(Exercise aim) Copy the data exactly as it appears, and do not include any pictures.

'''

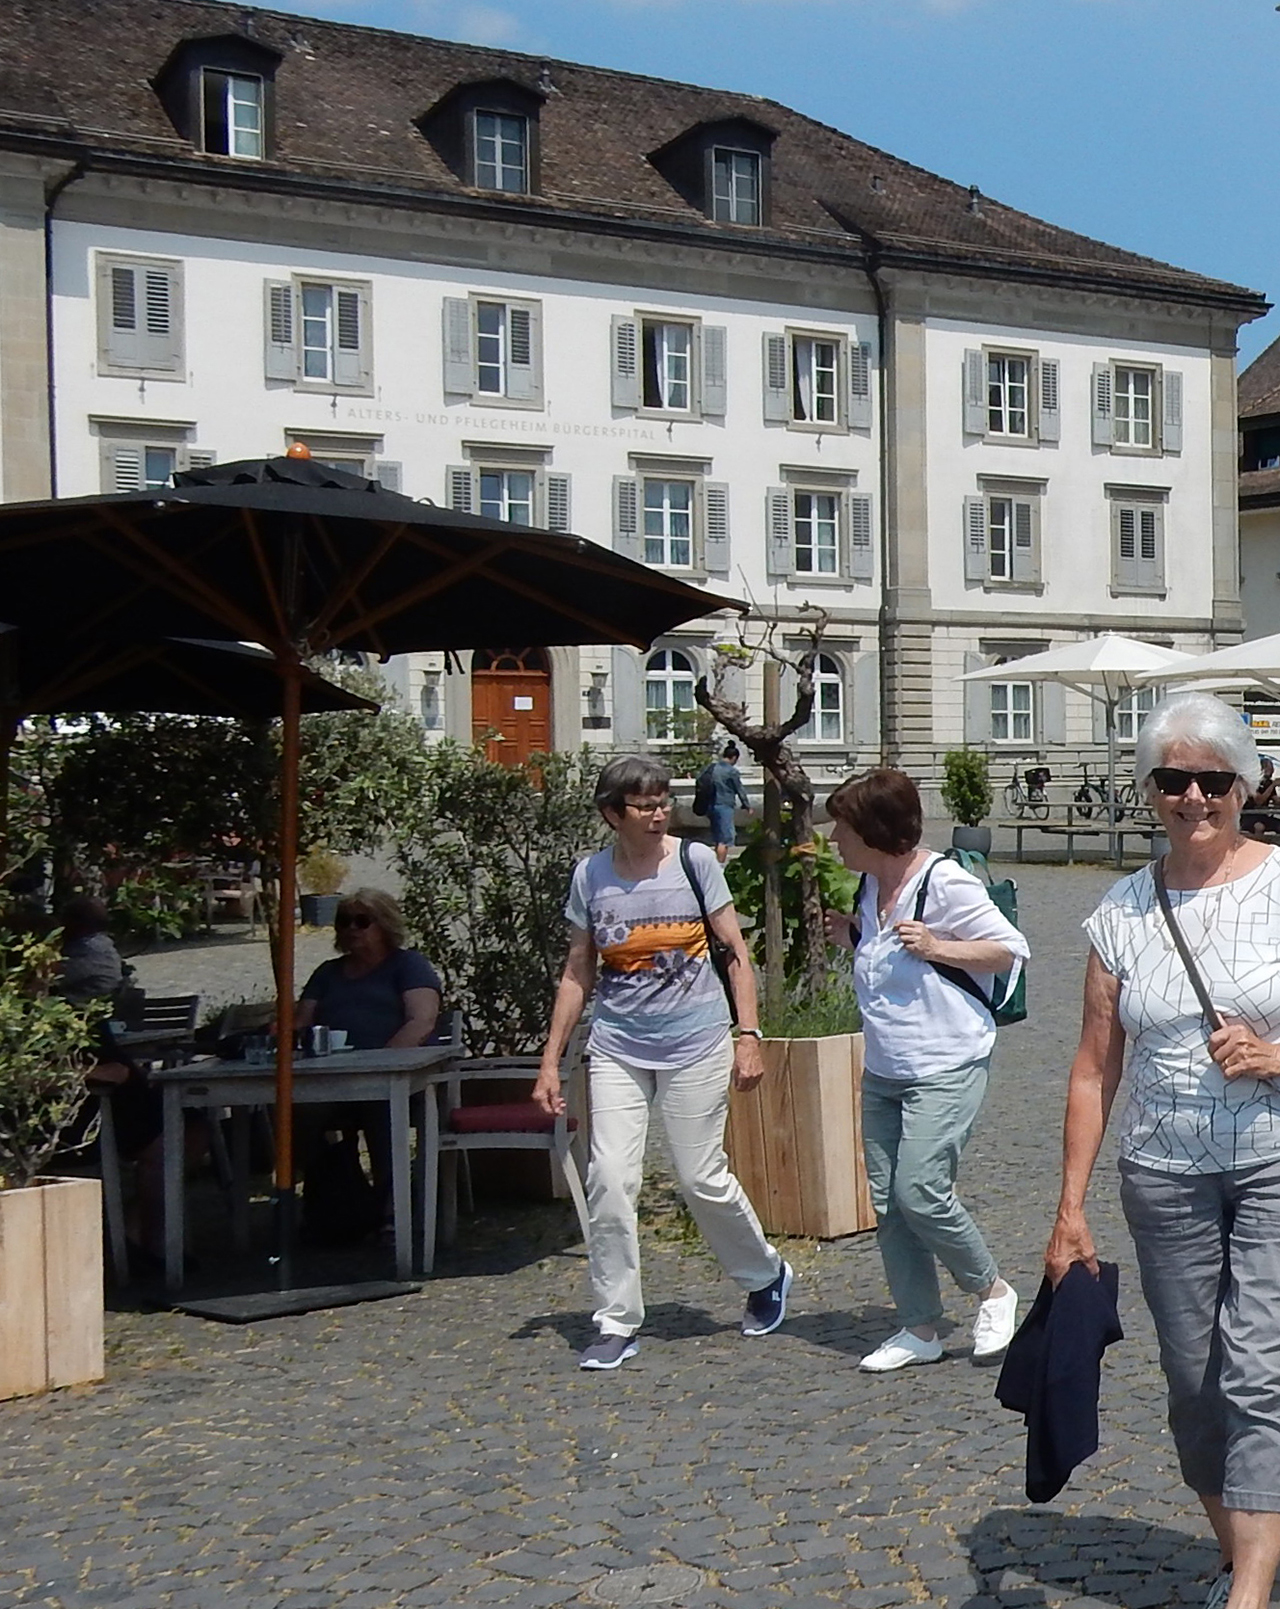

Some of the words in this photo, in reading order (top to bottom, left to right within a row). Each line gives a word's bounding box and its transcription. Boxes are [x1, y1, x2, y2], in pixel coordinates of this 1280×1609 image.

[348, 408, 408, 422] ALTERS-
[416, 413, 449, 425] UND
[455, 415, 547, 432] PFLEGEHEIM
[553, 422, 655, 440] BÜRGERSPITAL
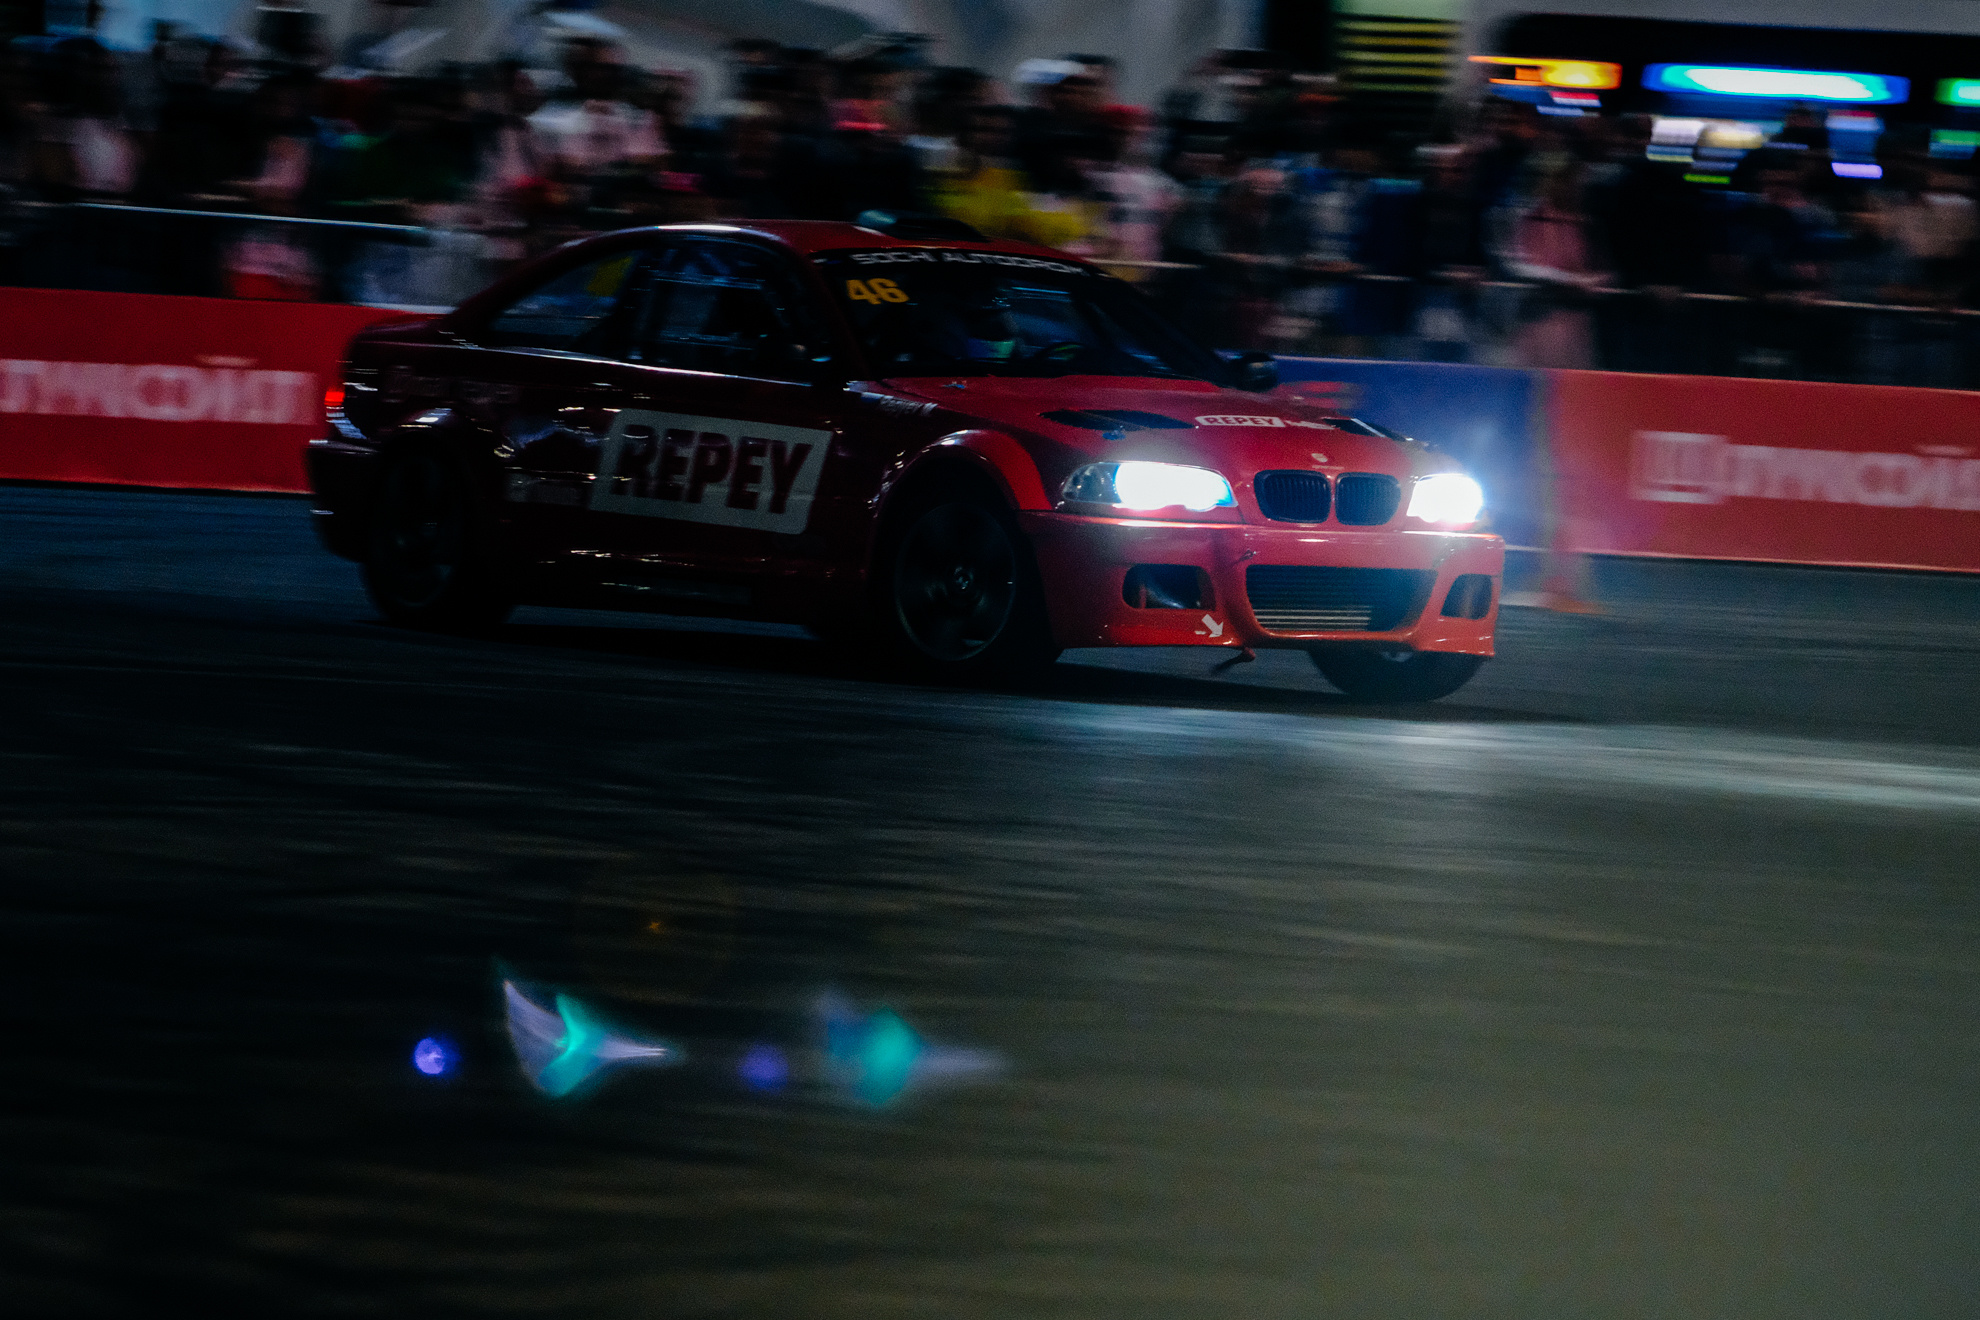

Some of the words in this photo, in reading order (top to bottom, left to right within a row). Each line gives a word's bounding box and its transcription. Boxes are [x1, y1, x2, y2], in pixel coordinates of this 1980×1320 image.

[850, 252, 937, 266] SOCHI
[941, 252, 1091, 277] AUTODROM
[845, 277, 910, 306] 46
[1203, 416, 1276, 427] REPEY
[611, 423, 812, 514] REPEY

'''

(Exercise output)
Some of the words in this photo, in reading order (top to bottom, left to right within a row). Each line gives a word's bounding box and its transcription. Boxes are [x1, y1, x2, y2], in pixel coordinates of this 1280×1609 image.

[348, 408, 408, 422] ALTERS-
[416, 413, 449, 425] UND
[455, 415, 547, 432] PFLEGEHEIM
[553, 422, 655, 440] BÜRGERSPITAL

Some of the words in this photo, in reading order (top to bottom, left to right within a row). Each line gives a word's bounding box and its transcription. Boxes are [x1, y1, x2, y2], in pixel coordinates of this 1980×1320 image.

[850, 252, 937, 266] SOCHI
[941, 252, 1091, 277] AUTODROM
[845, 277, 910, 306] 46
[1203, 416, 1276, 427] REPEY
[611, 423, 812, 514] REPEY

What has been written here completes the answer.